This is the fourth book in Brandon Wilson's adventure travel series. Other titles include Yak Butter Blues (an IPPY Award winner), Dead Men Don't Leave Tips: Adventures X Africa, and Along the Templar Trail, the Lowell Thomas Award-winner for 2009 Best Travel Book.

If you enjoy true travel adventures, (unsanitized for your protection), join us for another escapade as Brandon and his wife set off on foot for a 1200 mile odyssey across the Alps.

Some might call it "Schadenfreude on steroids."

Over the Top & Back Again is the first Via Alpina thru-hike travel narrative published in English, with 53 photos, maps and custom illustrations by Ken Plumb. It provides a humorous first-hand preview for those who dream of making a similar journey themselves--on foot or maybe just in their mind. --This text refers to the Hardcover edition.


More About the Author

Crossings. My life has been a continual series of crossings. One of my earliest memories is of a little towheaded guy, maybe six years old, crossing the vastness of America with his Dad at the wheel of a '56 red & white Chevy. We sailed wide-eyed across cowboy country, the Rockies, and Mojave Desert until we simply ran out of land at the Pacific Ocean and California, that land of dreams. And then we drove back.

That pattern would continue as my family relocated every few years. The years we weren't putting our lives into boxes, we voluntarily loaded three kids, two adults (who should have known better), and five suitcases into one overstuffed car for two weeks of non-stop driving everyday from one old battlefield to very new ones we'd create. Never put three lively kids together in the backseat all day.

That pattern was to become my life.

My love and obsession with crossings continued to follow me, or me it, into my so-called adult life. My life as a kid in western Pennsylvania was uprooted to attend school at one of the few liberal universities in the south, only to throw myself a few years later into New York's acting jungle, and a year later to head west to pursue work then back to the Carolinas, back to the Northwest, then to Alaska, back to the Carolinas, back to Alaska, then off to Hawaii, then to... Well, you get the picture. If you got frequent traveler miles for human ping-ponging, I'd be in the Million Miles Club by now.

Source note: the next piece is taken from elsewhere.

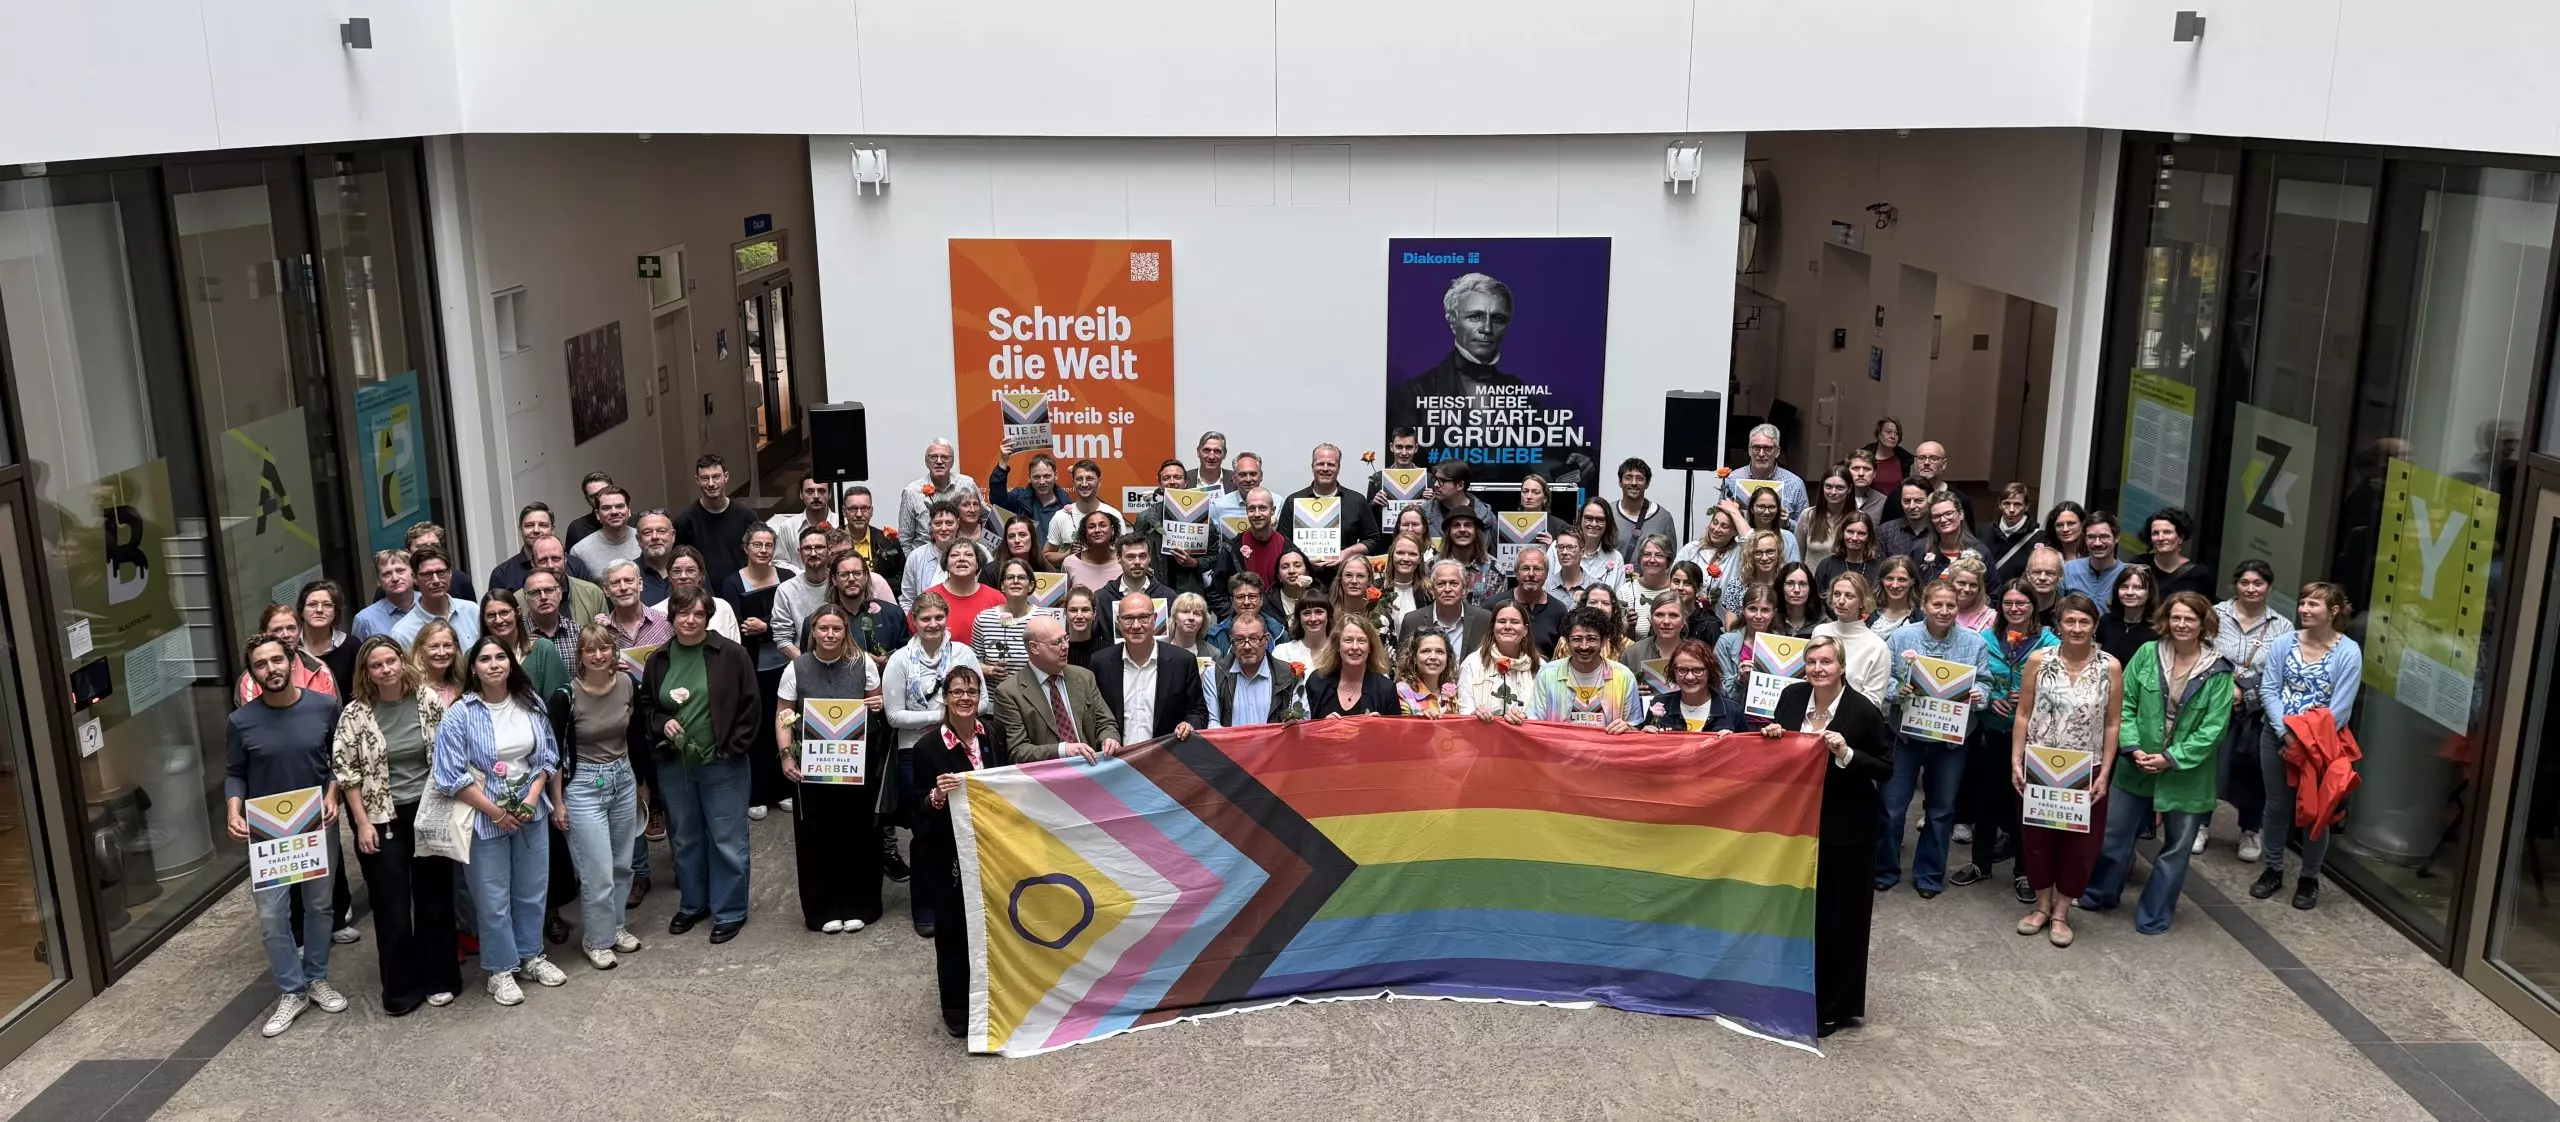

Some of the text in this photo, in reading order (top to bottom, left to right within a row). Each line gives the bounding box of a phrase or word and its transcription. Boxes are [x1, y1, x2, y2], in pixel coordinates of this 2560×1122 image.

Fortune is an elusive lady. Fame is fleeting. But each move brought new challenges, friends, and adventures. My parents learned to write my address in pencil into their address books. Wanderlust became an intimate friend and I grew to look forward to, and to embrace change. As luck would have it, just when I finally had enough money scraped together, another recession took its toll and I took the opportunity to hit the road--on another crossing.

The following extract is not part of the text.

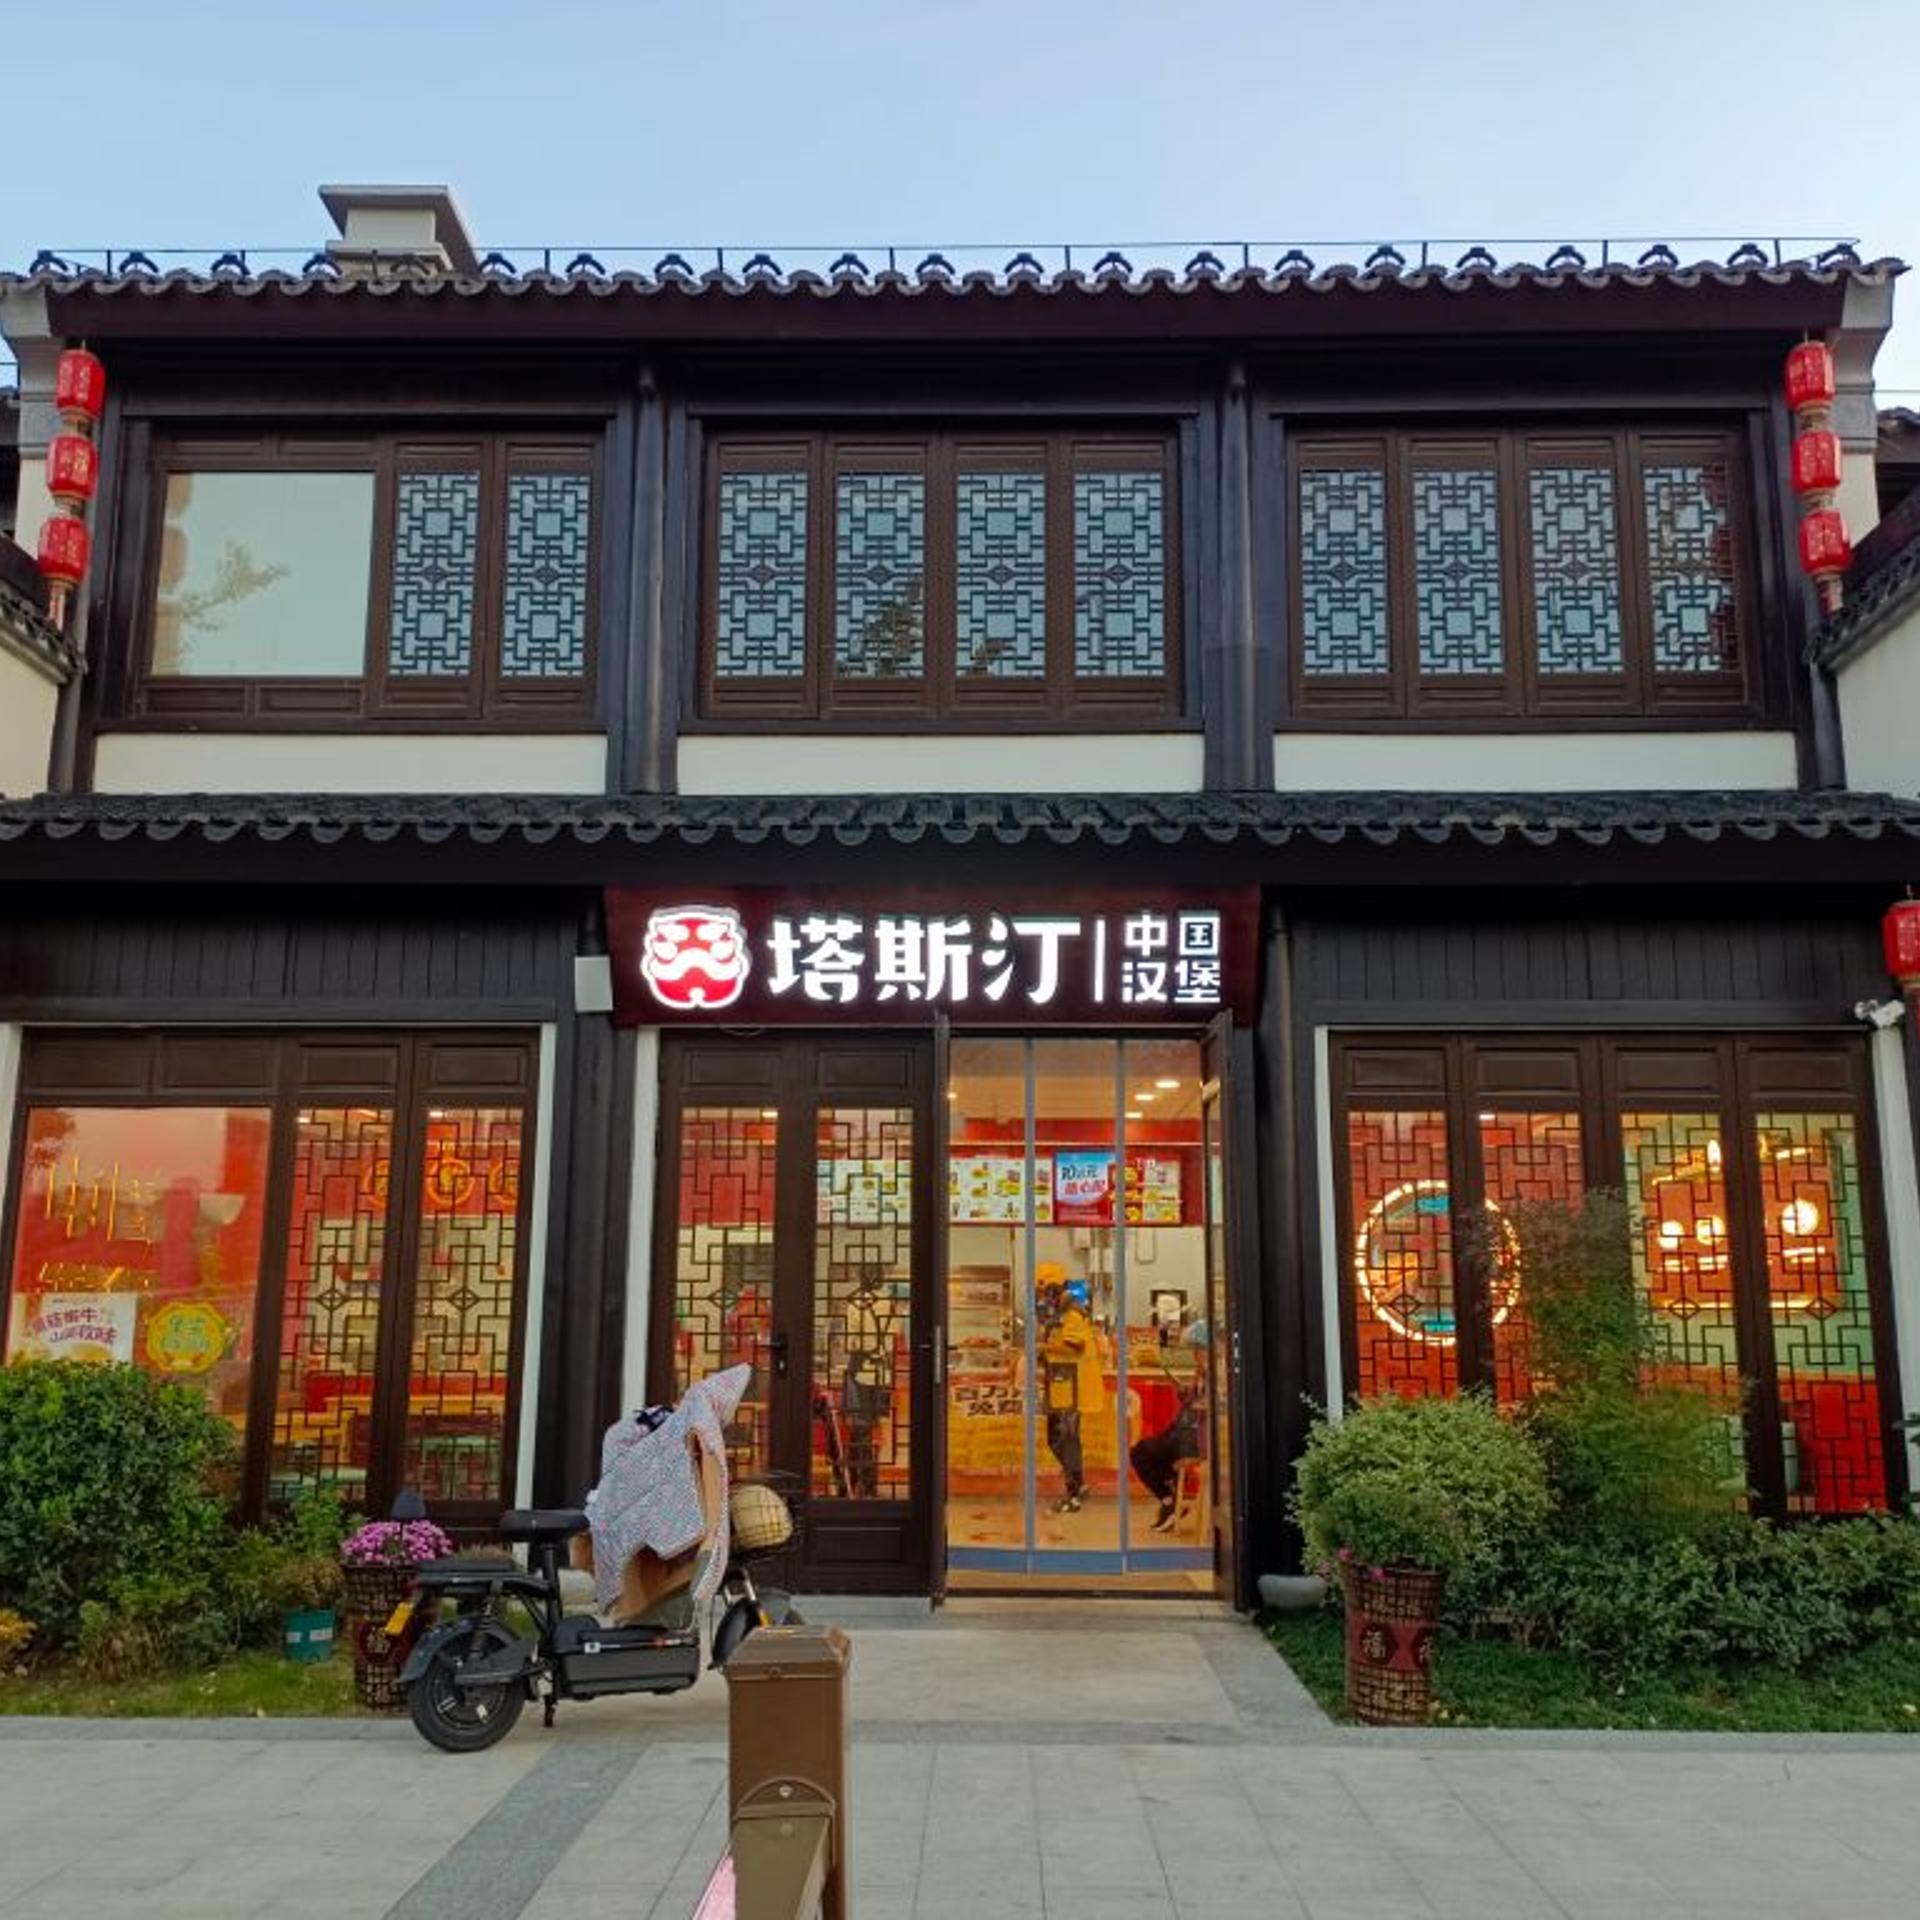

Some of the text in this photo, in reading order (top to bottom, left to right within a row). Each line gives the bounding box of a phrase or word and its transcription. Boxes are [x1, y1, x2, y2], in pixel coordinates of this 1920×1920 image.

[1124, 913, 1221, 957] 中国
[766, 916, 1081, 1004] 塔斯汀
[1121, 961, 1221, 1004] 汉堡

Fortunately, I'd met a lady who made me laugh, a fellow wanderer who shared this passion. We became a team. At a moment's notice, we'd toss whatever we needed into backpacks and set off for months at a time. We had mental lists of places we wanted to explore, things we wanted to do. Who needed bucket lists when we could heed the sirens and do it now. And we did. Our wanderings took us around the world with backpacks a couple times to 100 countries or more.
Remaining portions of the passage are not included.